**What the task asks**
The line with "this 1824×1824 image." marks where to begin. Please copy it and each line after it to the end of the records below, exactly.

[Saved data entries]
____
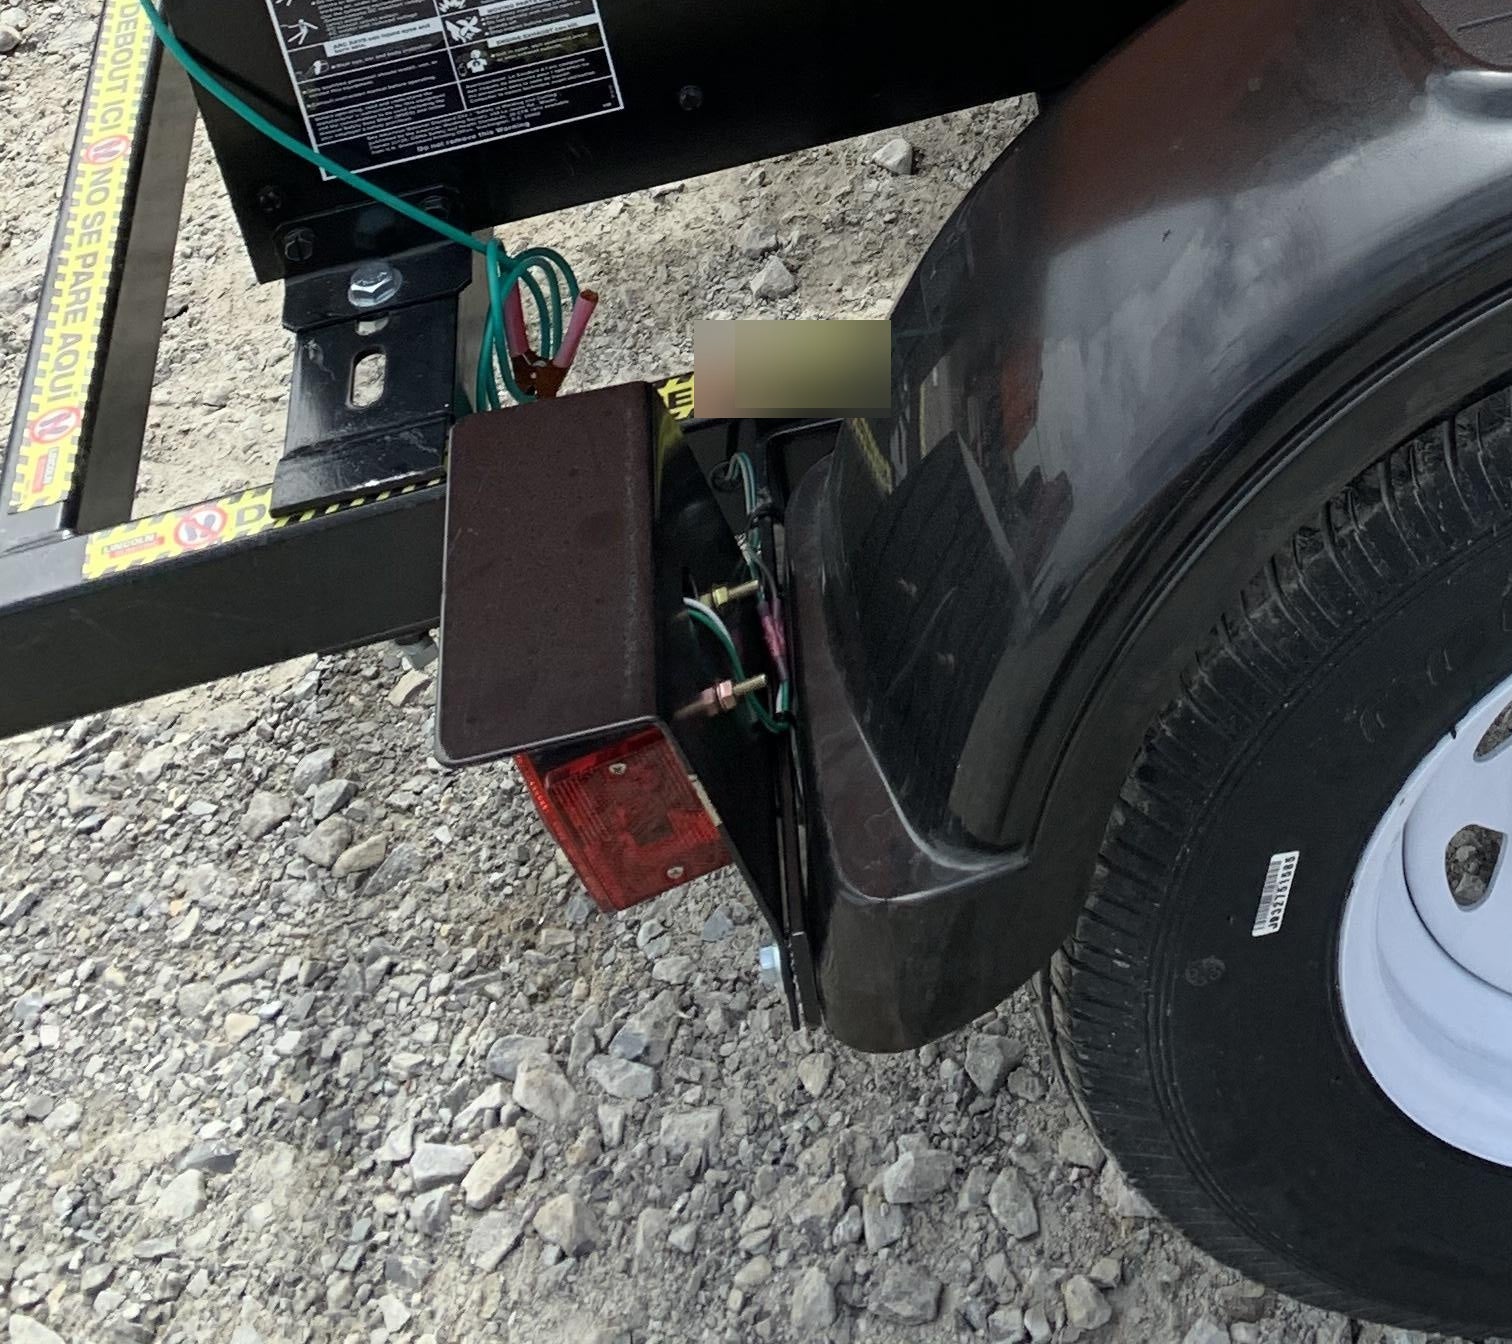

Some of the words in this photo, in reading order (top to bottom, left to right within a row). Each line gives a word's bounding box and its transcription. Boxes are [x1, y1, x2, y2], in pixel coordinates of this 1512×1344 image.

[107, 0, 140, 95] DEBOUT
[98, 97, 124, 132] ICI
[85, 167, 114, 207] NO
[76, 210, 106, 248] SE
[61, 249, 100, 327] PARE
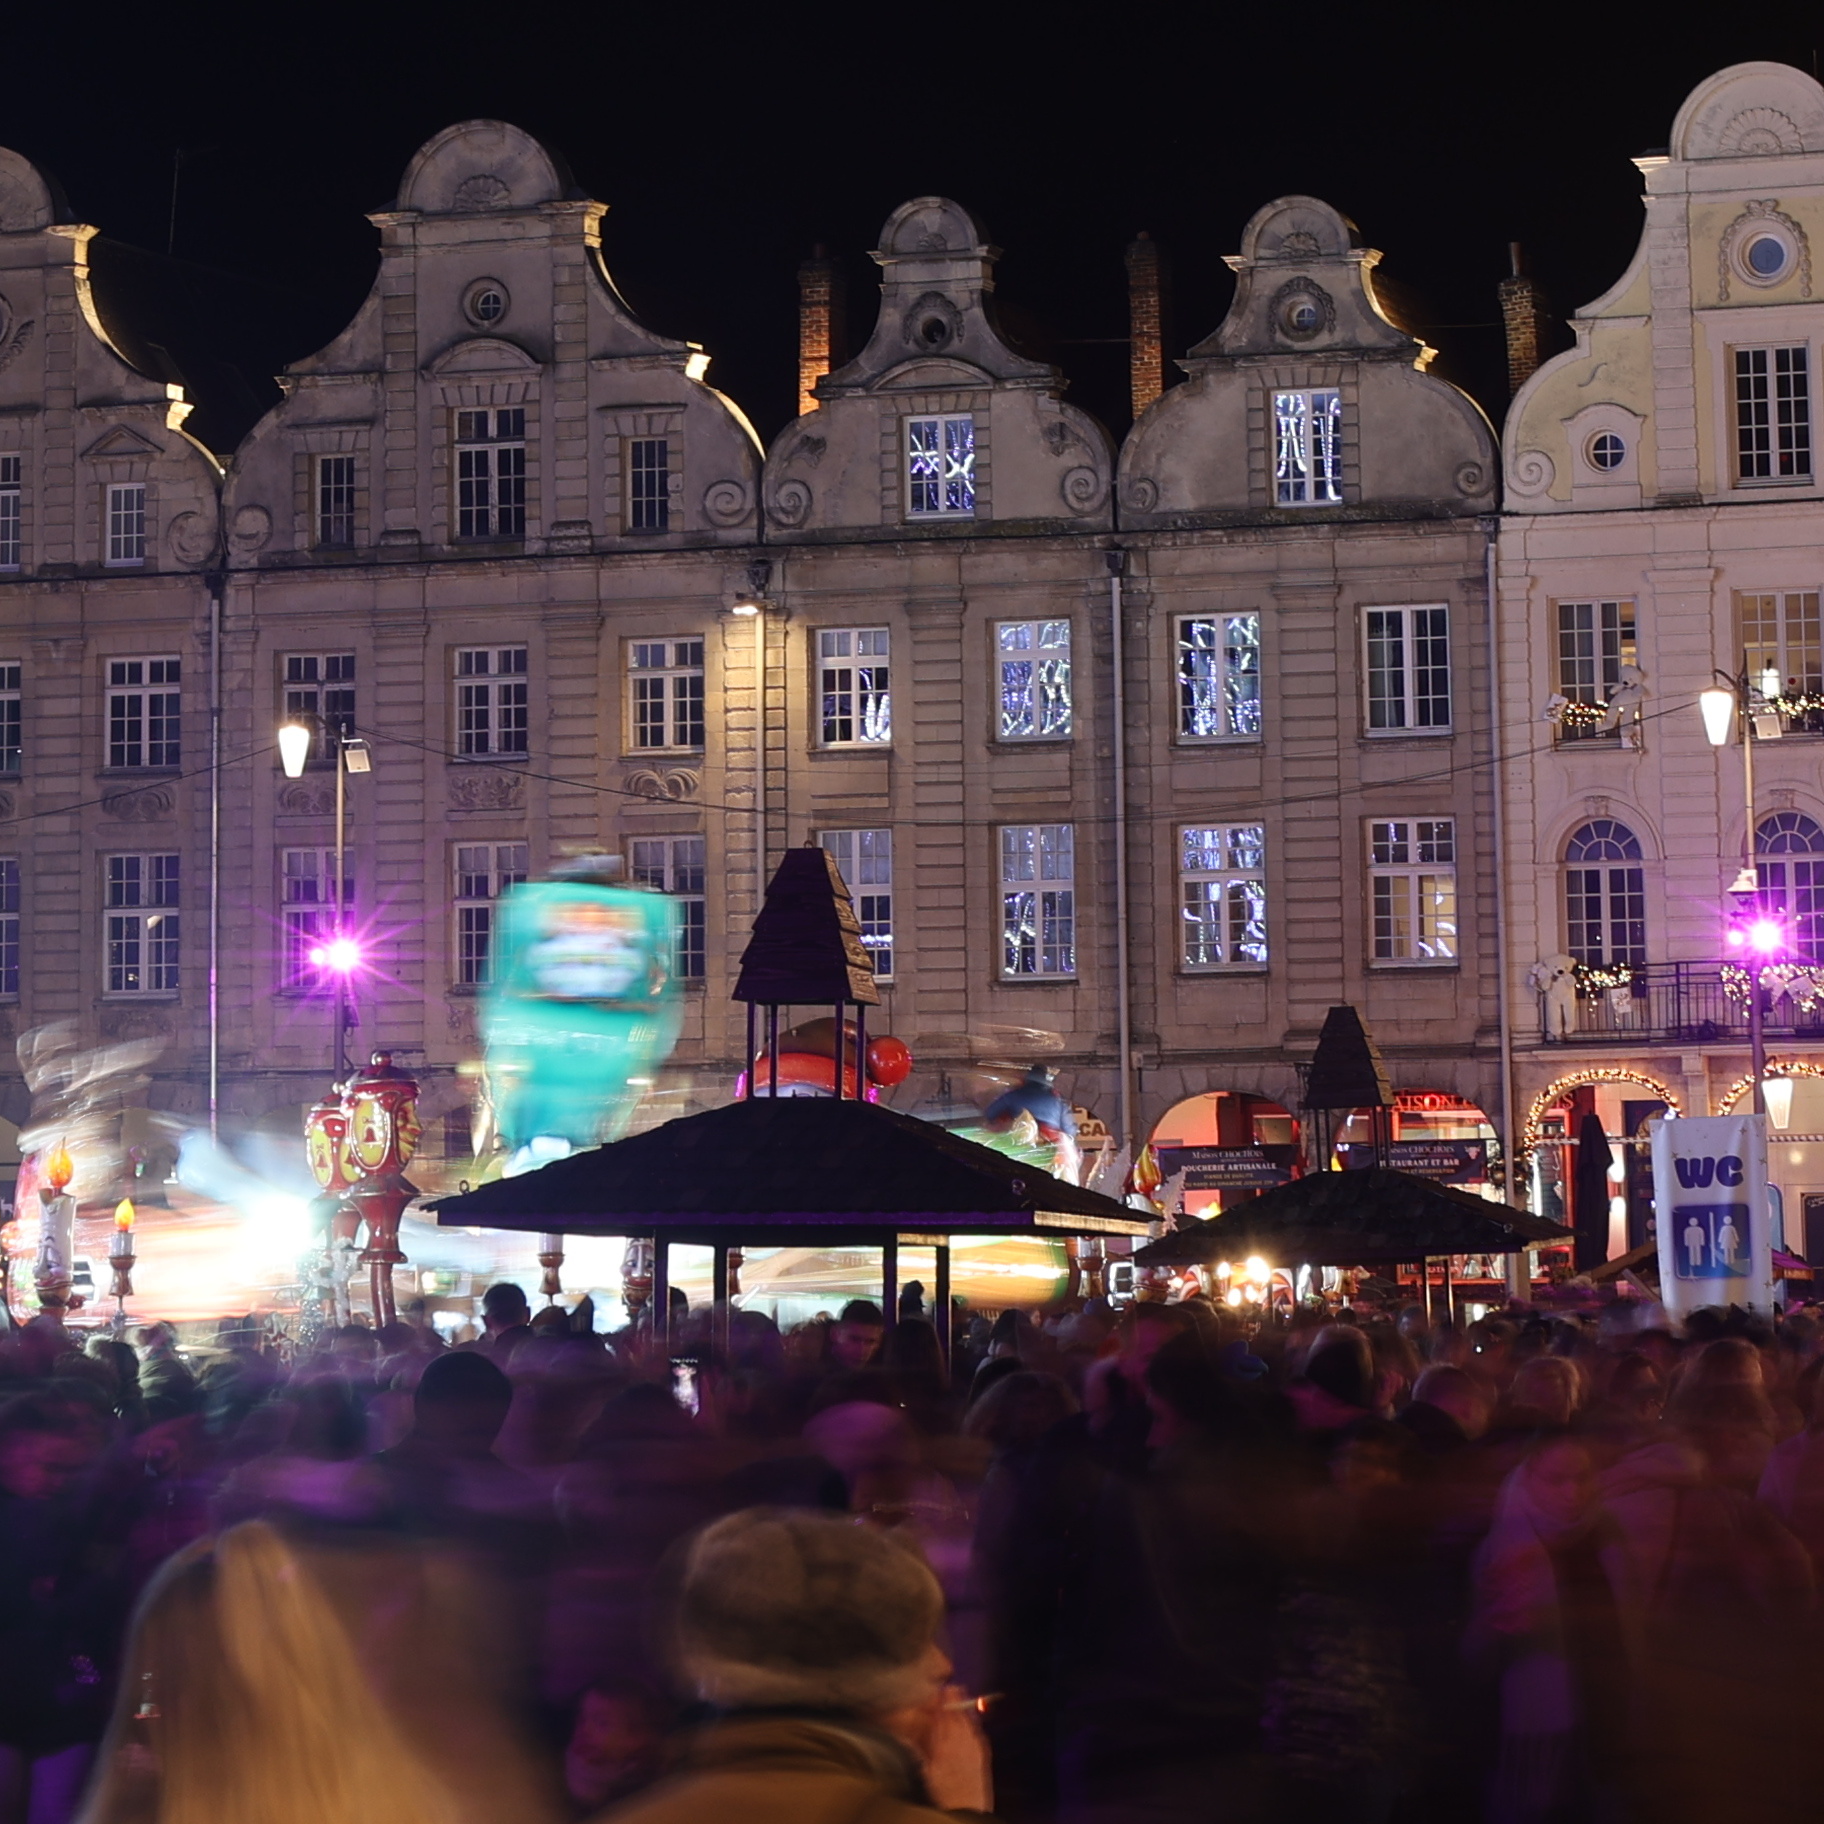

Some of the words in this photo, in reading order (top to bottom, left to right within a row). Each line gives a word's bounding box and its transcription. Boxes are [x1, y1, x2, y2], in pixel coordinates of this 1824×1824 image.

[1443, 1158, 1459, 1166] BAR
[1228, 1163, 1277, 1171] ARTISANALE
[1674, 1155, 1744, 1189] WC
____
**Task response**
Some of the words in this photo, in reading order (top to bottom, left to right within a row). Each line gives a word's bounding box and its transcription. Boxes are [x1, y1, x2, y2], in pixel coordinates of this 1824×1824 image.

[1443, 1158, 1459, 1166] BAR
[1228, 1163, 1277, 1171] ARTISANALE
[1674, 1155, 1744, 1189] WC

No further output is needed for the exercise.